Thank you very, very much for the fast reply Olethros, seriously. I would have replied sooner, but the forum was down (at least for me)...

Yes, I was able to force the device into the DFU mode, I connected it to my Macbook with OSX --> System Profiler --> got my ECID.. then I started tinyUmbrella v4.1.12 on OS X and clicked on "Manual ECID" and pasted it...

However, under "All Saved SHSHs" nothing appeared and the same thing happens when I check on my winXP PC.... but I know that I clicked on "Make my life easier... am I doing something wrong?

It looks like this: http://img192.imageshack.us/img192/1...nyumbrella.jpg

I blacked out my ECID (didn't know whether it is sensitive).. but it's exactly the same as in the system profiler...

However, my SHSH is supposed to be there... I would even be willing to just move forward as if I would have it, just to check... I also really need it, because I need to restore anyway and still need the unlock.. mhmm...

Originally Posted by tether3d

Thank you very, very much for the fast reply Olethros, seriously. I would have replied sooner, but the forum was down (at least for me)...

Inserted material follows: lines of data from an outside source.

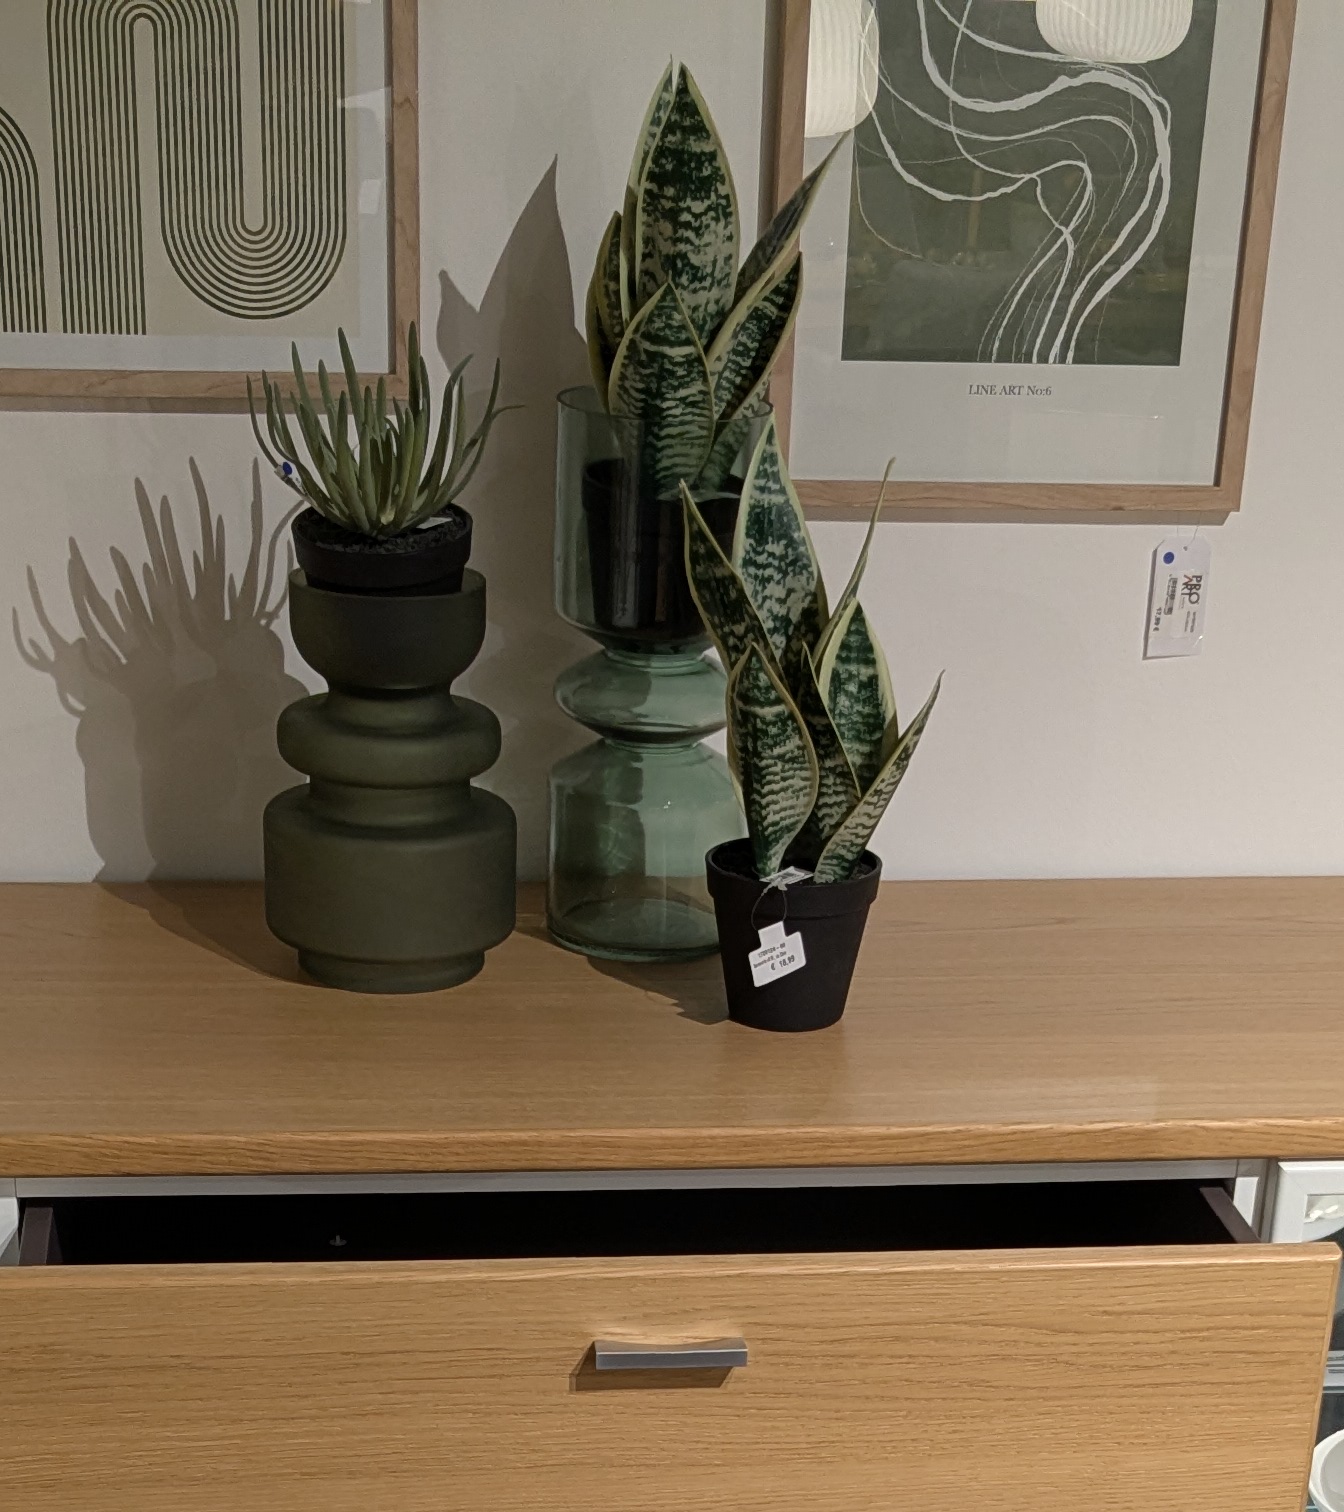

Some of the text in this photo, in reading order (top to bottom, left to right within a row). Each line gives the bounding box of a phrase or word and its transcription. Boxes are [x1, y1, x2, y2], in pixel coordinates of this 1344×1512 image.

[968, 384, 997, 396] LINE
[998, 384, 1025, 396] ART
[1188, 574, 1203, 605] PRO
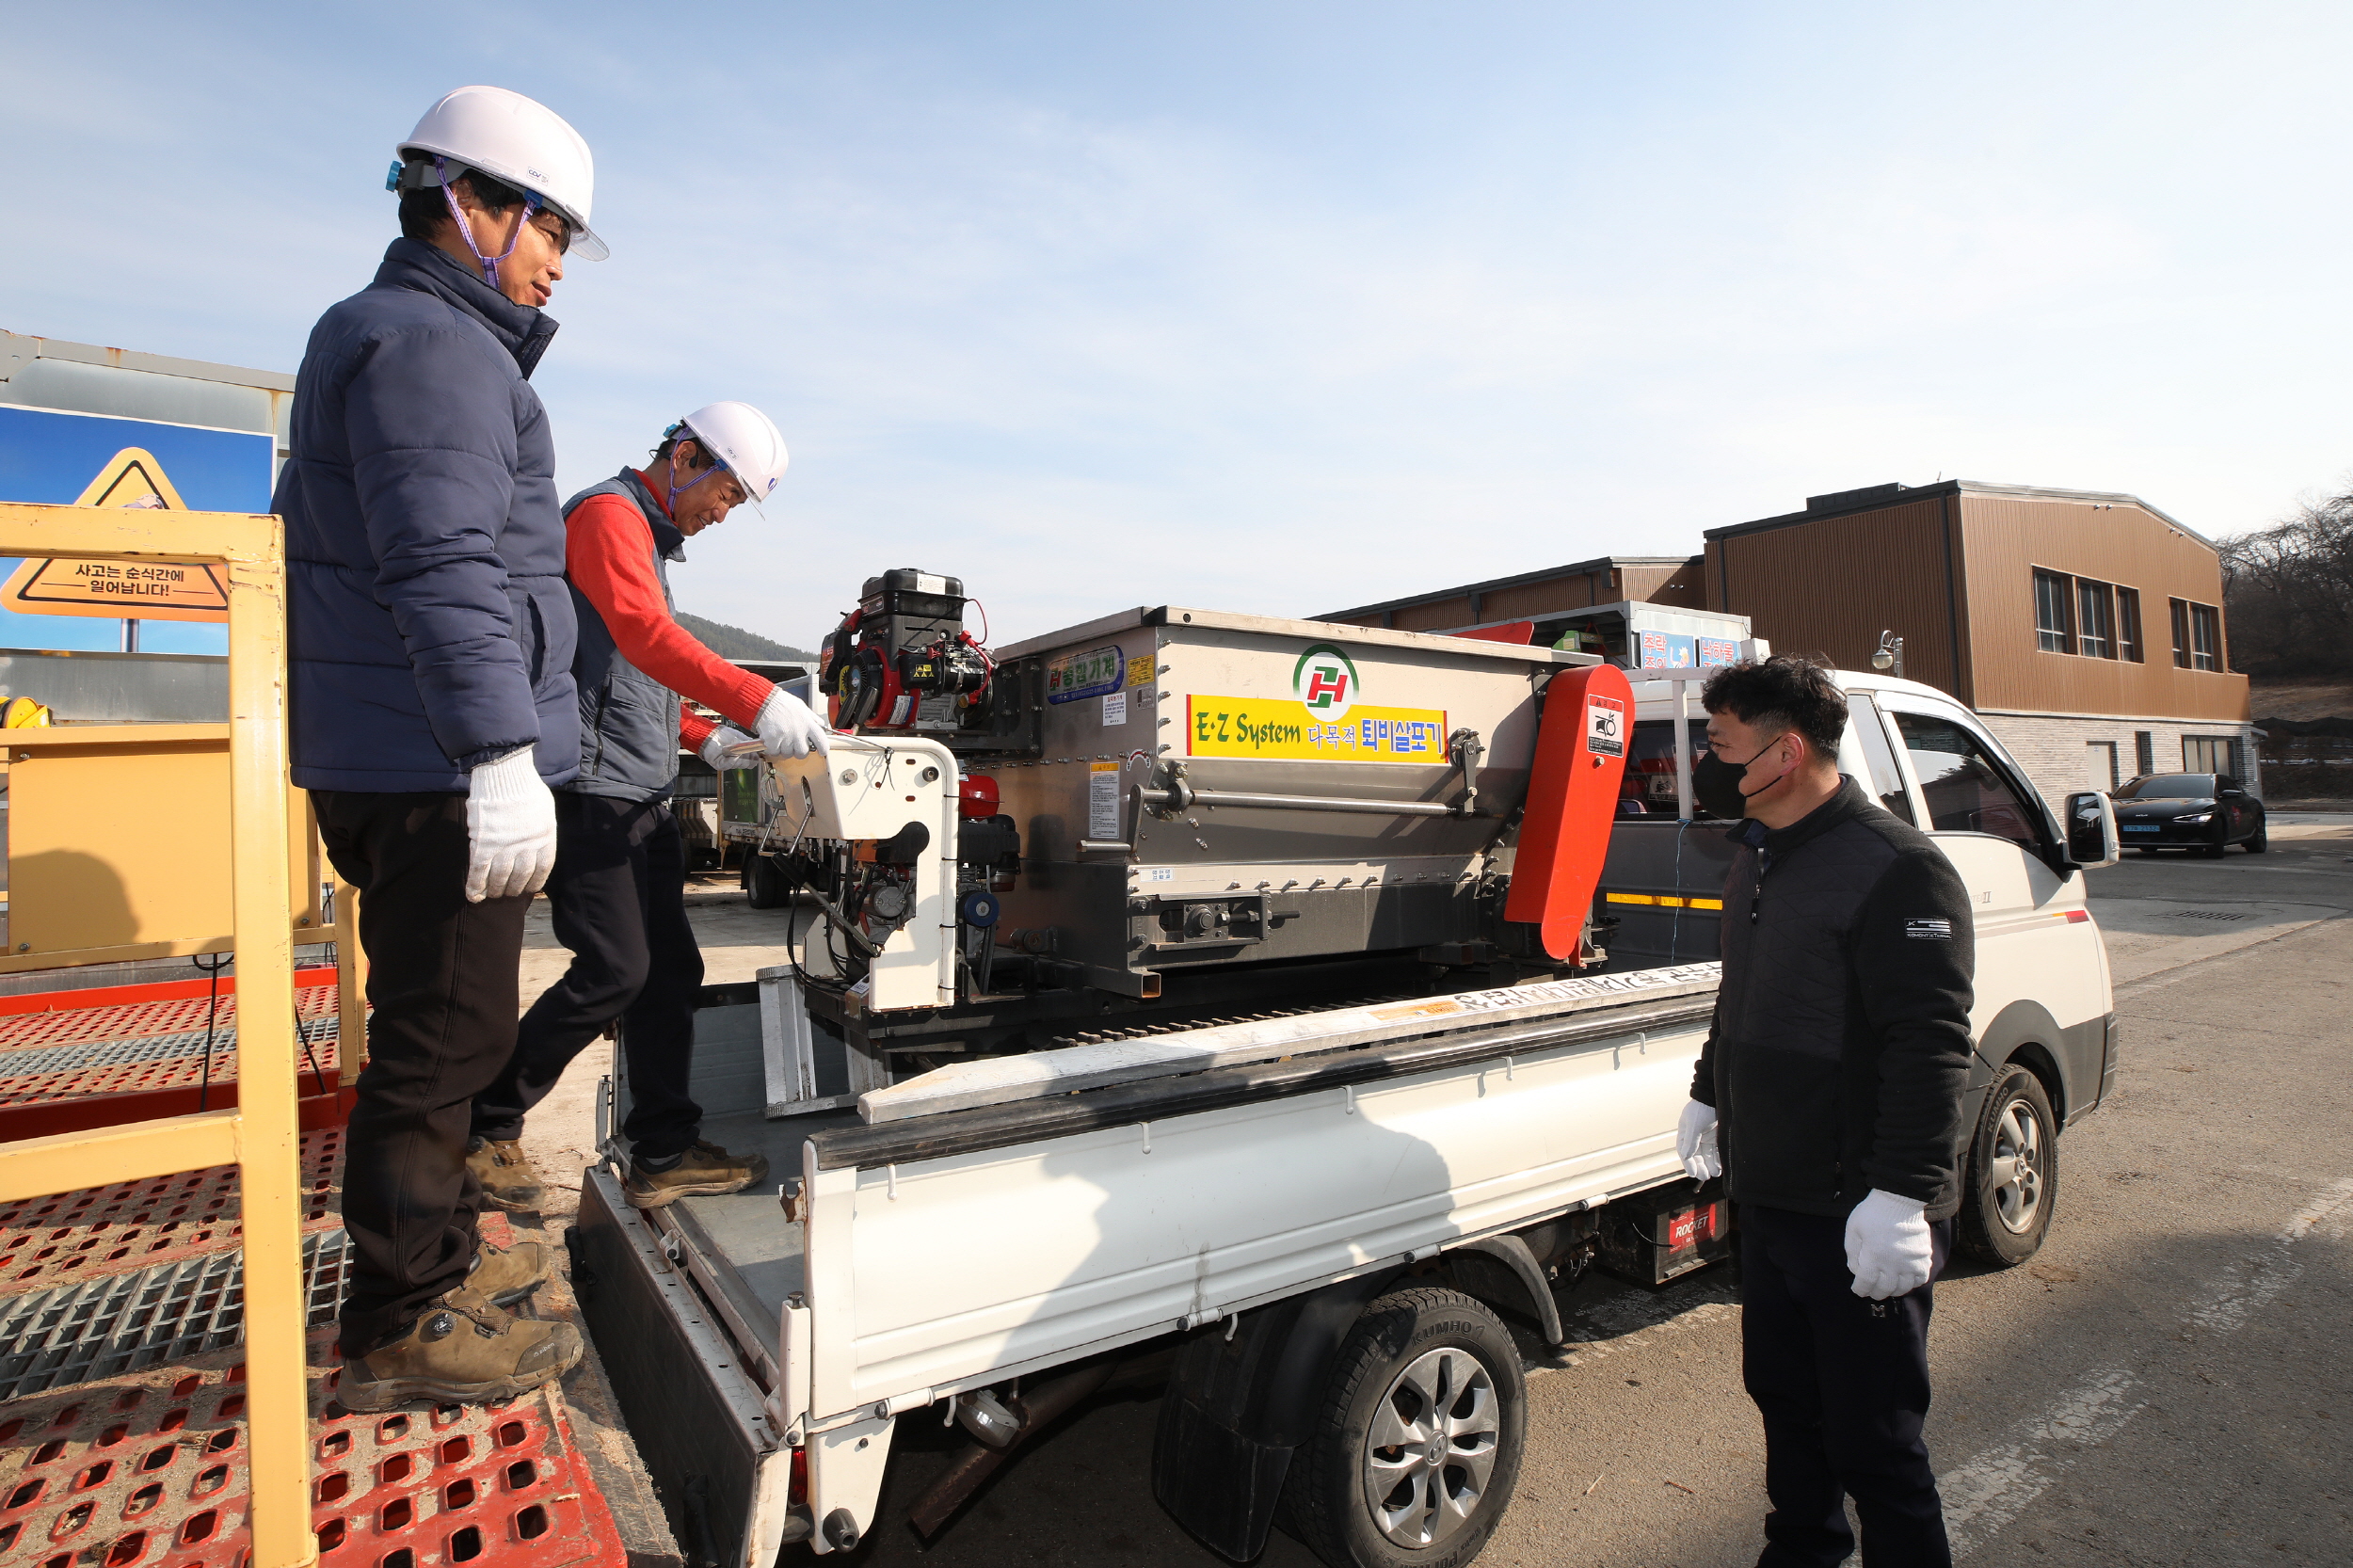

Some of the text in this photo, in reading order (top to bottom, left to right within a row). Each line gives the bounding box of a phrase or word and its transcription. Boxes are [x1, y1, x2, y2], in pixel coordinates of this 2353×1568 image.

[75, 564, 185, 583] 사고는 순식간에
[89, 580, 170, 598] 일어납니다!
[1643, 632, 1668, 656] 추락
[1702, 640, 1734, 663] 낙하물
[1236, 712, 1302, 751] System
[1306, 722, 1357, 751] 다목적
[1361, 718, 1443, 755] 퇴비살포기
[1987, 1086, 2009, 1133] KUMHO
[1675, 1215, 1709, 1239] ROCKET
[1411, 1320, 1472, 1348] KUMHO
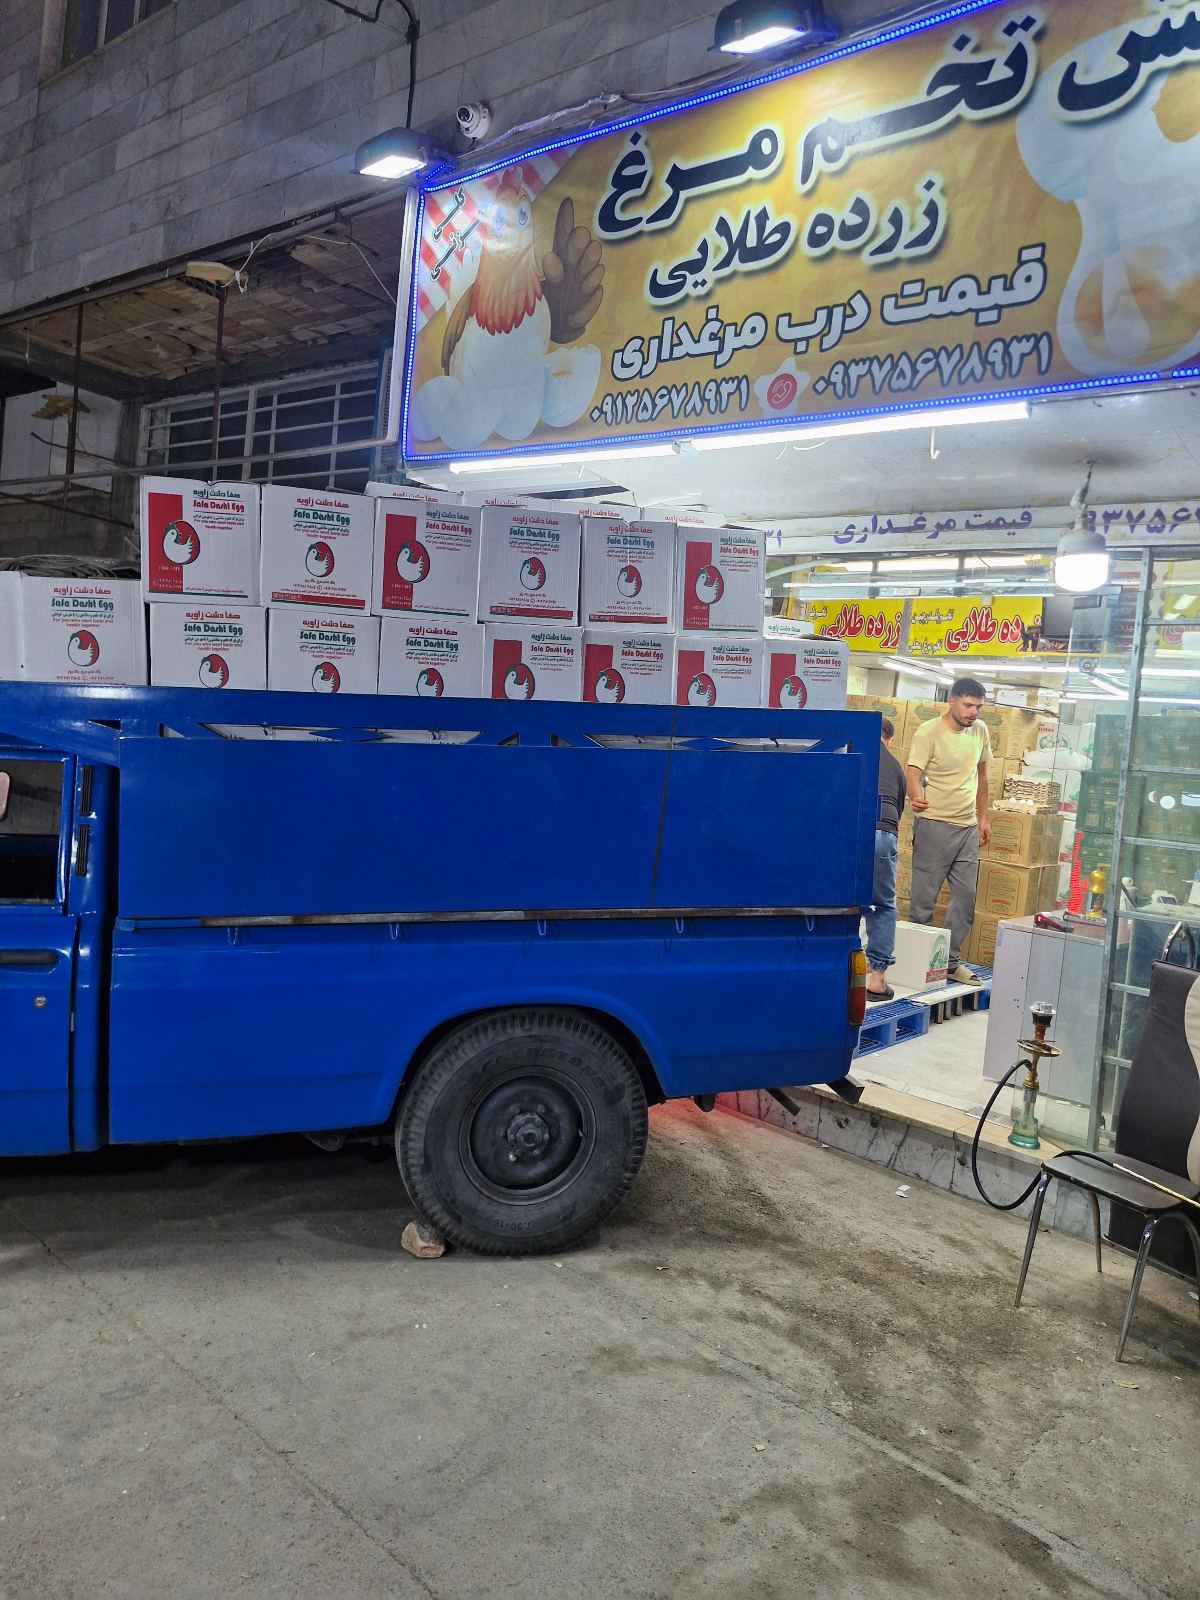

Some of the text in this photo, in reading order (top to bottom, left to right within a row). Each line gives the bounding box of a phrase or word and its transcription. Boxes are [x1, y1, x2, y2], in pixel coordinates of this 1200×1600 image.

[800, 15, 1036, 186] تخم
[598, 129, 777, 232] مرغ
[650, 179, 940, 296] زرده طلایی
[611, 242, 1047, 380] قیمت درب مرغداری
[811, 332, 1053, 400] ۰۹۳۷۵۶۷۸۹۳۱
[588, 375, 750, 426] ۰۹۱۲۵۶۷۸۹۳۱
[193, 489, 208, 498] زاویه
[210, 489, 225, 497] دشت
[193, 500, 244, 512] Safa Dasht Egg
[294, 510, 350, 526] Safa Dasht Egg
[833, 505, 1032, 544] قیمت مرغداری
[426, 521, 472, 535] Safa Dasht Egg
[509, 528, 560, 541] Safa Dasht Egg
[54, 586, 111, 595] صفا دشت زاویه
[52, 598, 114, 611] Safa Dasht Egg
[186, 611, 203, 620] زاویه
[184, 624, 243, 636] Safa Dasht Egg
[303, 619, 319, 628] زاویه
[945, 607, 997, 652] طلایی
[300, 631, 356, 645] Safa Dasht Egg
[406, 638, 458, 651] Safa Dasht Egg
[564, 647, 574, 655] Egg

Yes, I was able to force the device into the DFU mode, I connected it to my Macbook with OSX --> System Profiler --> got my ECID.. then I started tinyUmbrella v4.1.12 on OS X and clicked on "Manual ECID" and pasted it...

However, under "All Saved SHSHs" nothing appeared and the same thing happens when I check on my winXP PC.... but I know that I clicked on "Make my life easier... am I doing something wrong?

It looks like this: http://img192.imageshack.us/img192/1...nyumbrella.jpg

I blacked out my ECID (didn't know whether it is sensitive).. but it's exactly the same as in the system profiler...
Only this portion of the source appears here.